Examining Critical State Cannabis Ballot Measures Ahead of the 2020 Election
By Nick Etten, VP of Government Affairs, Acreage Holdings
With the 2020 election now only two months away, many cannabis advocates have their eyes on the presidential and Congressional races to signal further progress in the legalization movement.
Outside of those federal elections, there are a number of state ballot measures to legalize forms of medical or adult-use sales. In this cycle alone, New Jersey, Arizona, South Dakota and Montana will all be voting on legalization of adult-use cannabis, while Nebraska and Mississippi will be holding a referendum on medical sales.
Today, we want to take a look at two of these ballot measures, New Jersey and Arizona, and discuss the impact they could have beyond their own state borders.
After attempting and failing to legalize cannabis via the state legislature over the past two years, New Jersey has decided to put cannabis legalization directly in the hands of voters. While adult-use legalization would bring a profound shift in cannabis access in the Garden State, it could trigger an even larger shift for the entire Northeast.
New Jersey finally ripping off the band-aid of legalizing recreational cannabis will put an immense amount of pressure on neighboring states New York, Pennsylvania, and Connecticut to do the same.
New Jersey’s multiple attempts to legalize adult-use cannabis have been mirrored by New York. New York’s state government, led by Gov. Andrew Cuomo, has resolved to legalize adult-use cannabis, but has stalled in hammering out the details. In Pennsylvania, Gov. Tom Wolf has inched closer and closer to recreational cannabis, while greatly expanding his state’s medical program into one of the fastest growing in the country.
The sheer amount of commuting and travel between New Jersey and the New York and Philadelphia metropolitan areas creates major incentive for New York and Pennsylvania to quickly legalize and not miss out on major tax revenues to New Jersey.
Gov. Cuomo has already said as much via his October 2019 Regional Cannabis Regulation Summit, which he co-hosted with Governors Phil Murphy (NJ), Ned Lamont (CT) and Tom Wolf (PA).
Arizona has flirted with adult-use cannabis sales in previous election cycles, but this year the state seems poised to legalize it via ballot measure. Providing access to legal and safe adult-use cannabis to the state’s population of 7.2 million people is notable, but its impact extends beyond that to a national scale.
While a Democrat-led House of Representatives has stepped up for cannabis reform in a big way, the more conservative U.S. Senate has lagged far behind. The SAFE Banking Act, for example, passed the House with overwhelming bi-partisan support but stalled in the Senate and has yet to even see a vote, and we expect the same to happen with the broader reaching MORE Act later this month.
The legalization of adult-use cannabis in Arizona has the potential to change that. Arizona is a historically conservative state that usually sends two Republican senators to Congress. By legalizing recreational cannabis in the state, those Senators now have a vested interest in the industry. Their state will be receiving much needed tax revenue from cannabis sales and their constituents sending them to the Senate every six years will expect them to pursue reform. If they go against the will of the people, they will risk losing their seats.

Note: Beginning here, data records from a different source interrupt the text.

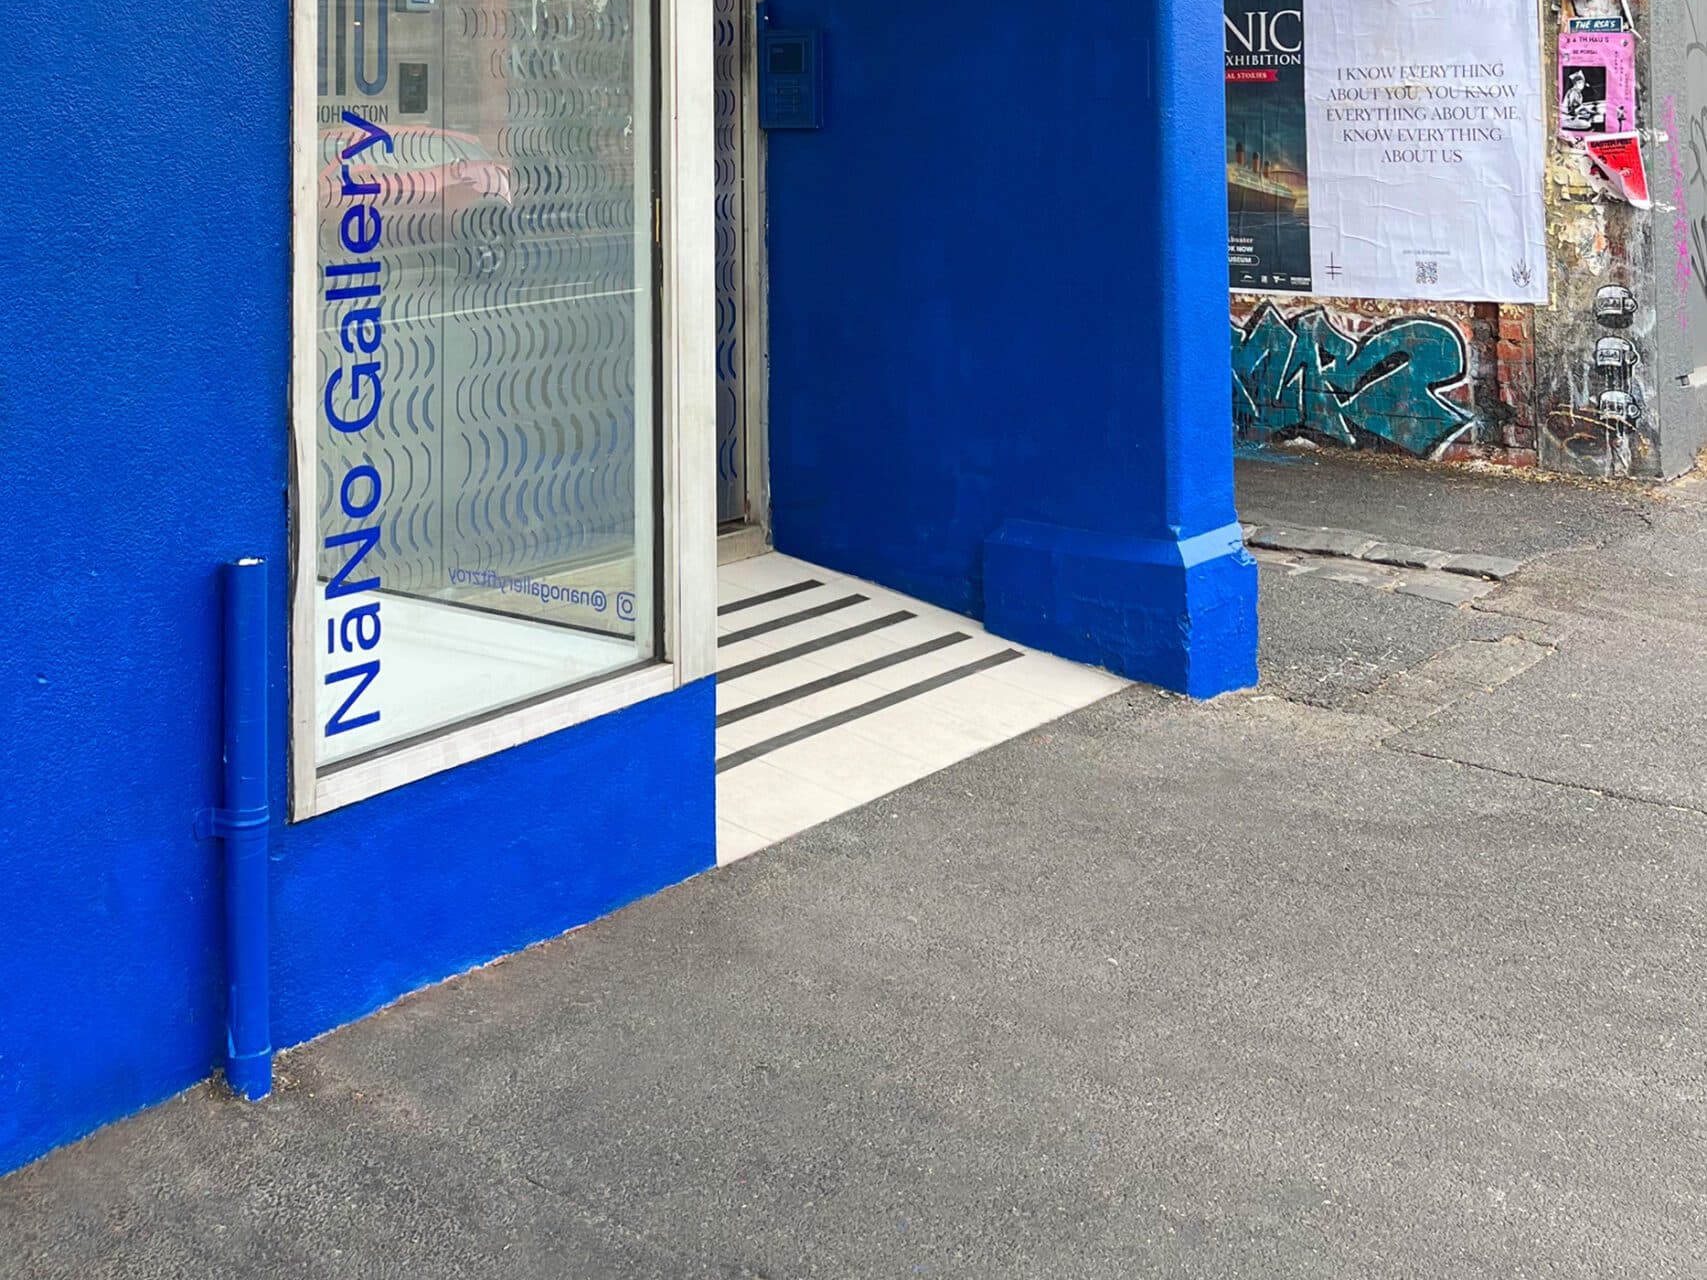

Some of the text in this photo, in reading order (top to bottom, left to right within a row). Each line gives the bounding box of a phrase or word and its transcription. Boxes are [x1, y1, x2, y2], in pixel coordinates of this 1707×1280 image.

[1575, 20, 1591, 29] THE
[1226, 54, 1301, 66] XHIBITION
[1337, 63, 1504, 80] I KNOW EVERYTHING
[1326, 87, 1379, 101] ABOUT
[1425, 85, 1460, 99] YOU
[1465, 84, 1519, 99] KNOW
[1326, 107, 1426, 121] EVERYTHING
[1431, 106, 1488, 120] ABOUT
[1343, 127, 1502, 142] KNOW EVERYTHING
[1381, 149, 1463, 163] ABOUT US
[324, 111, 394, 433] Gallery

“The legalization of adult-use cannabis in Arizona has the potential to change that. As a historically conservative state that usually sends two Republican senators to Congress. By legalizing recreational cannabis in the state, those Senators now have a vested interest in the industry.”

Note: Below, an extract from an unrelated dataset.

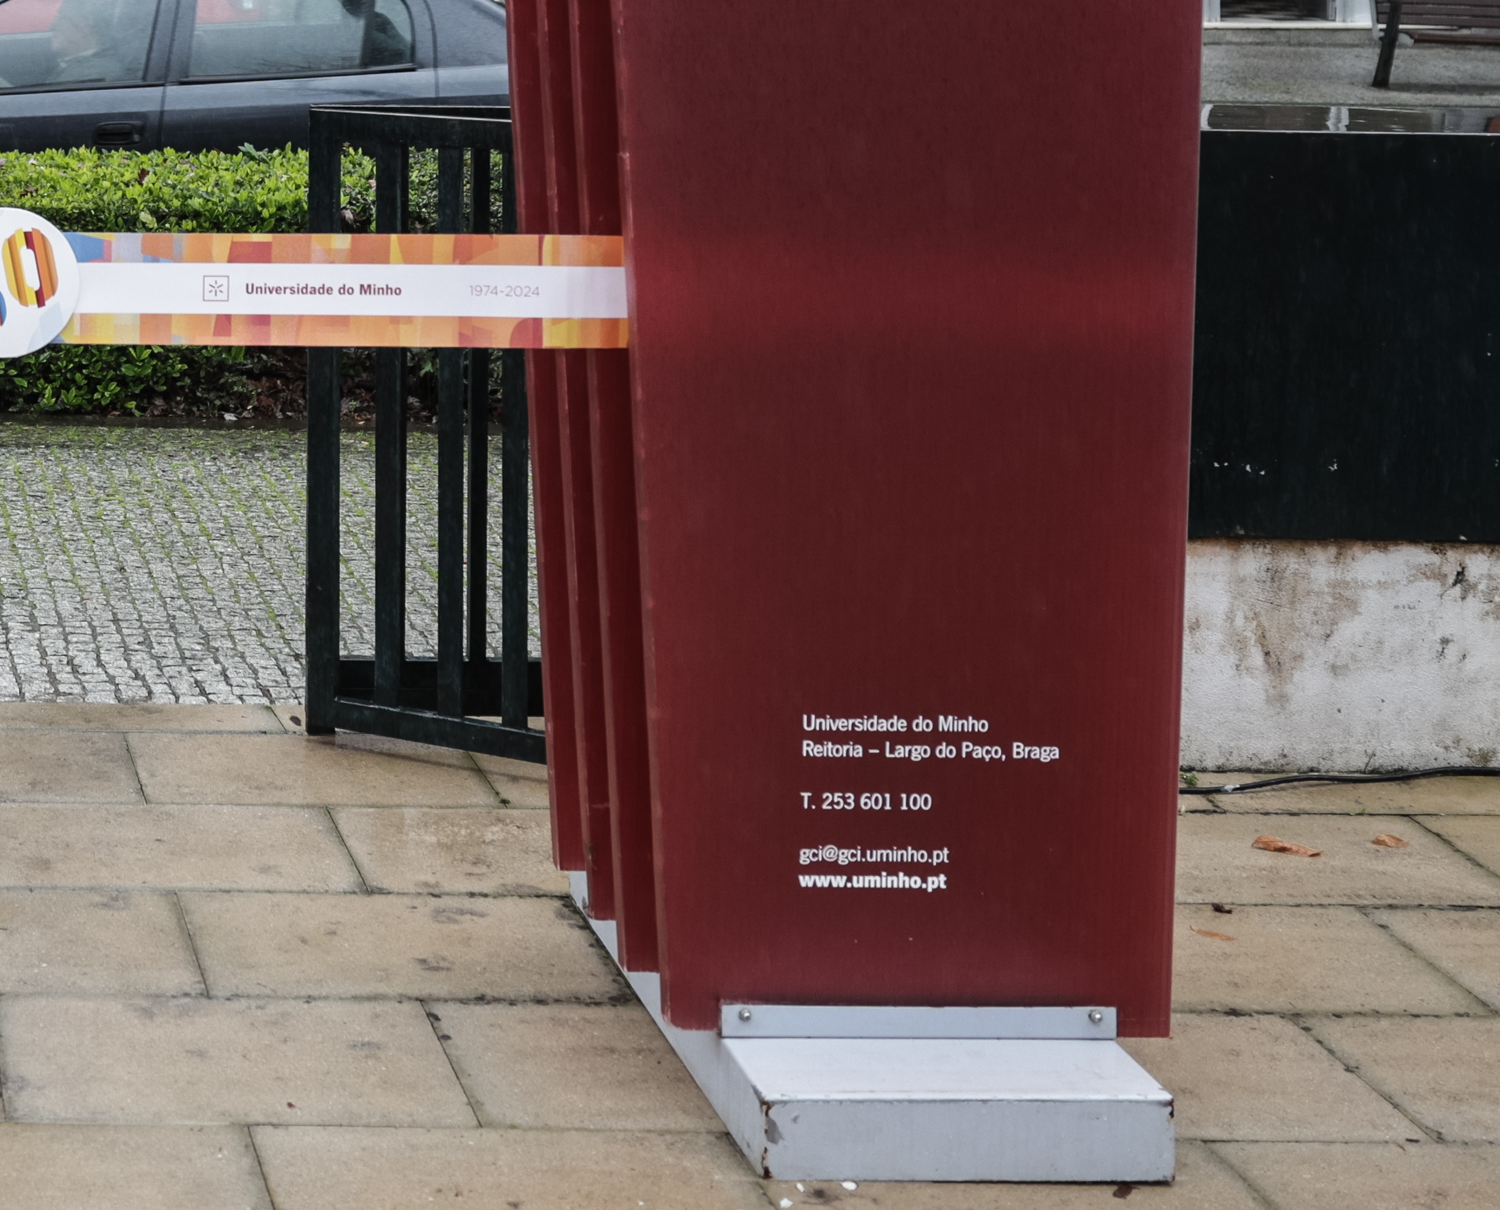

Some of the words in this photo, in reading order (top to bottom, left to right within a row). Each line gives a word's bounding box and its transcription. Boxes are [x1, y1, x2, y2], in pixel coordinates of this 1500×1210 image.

All of a sudden, with potentially two more conservative Senators on the side of the cannabis movement, that represents a major shift for the cannabis movement in Congress.
To conclude, while many throughout the country are pinning their hopes on a Biden presidency to advance the cause of cannabis legalization, it is important to not overlook the power that state referendums have to shift the balance of power. It was only eight years ago that Colorado and Washington become the first two states to vote in favor of legalizing adult use cannabis, and that set off a domino effect that has led to a wave of legalization throughout the country. New Jersey and Arizona represent a similar catalyst that can lead the legalization movement to even greater heights.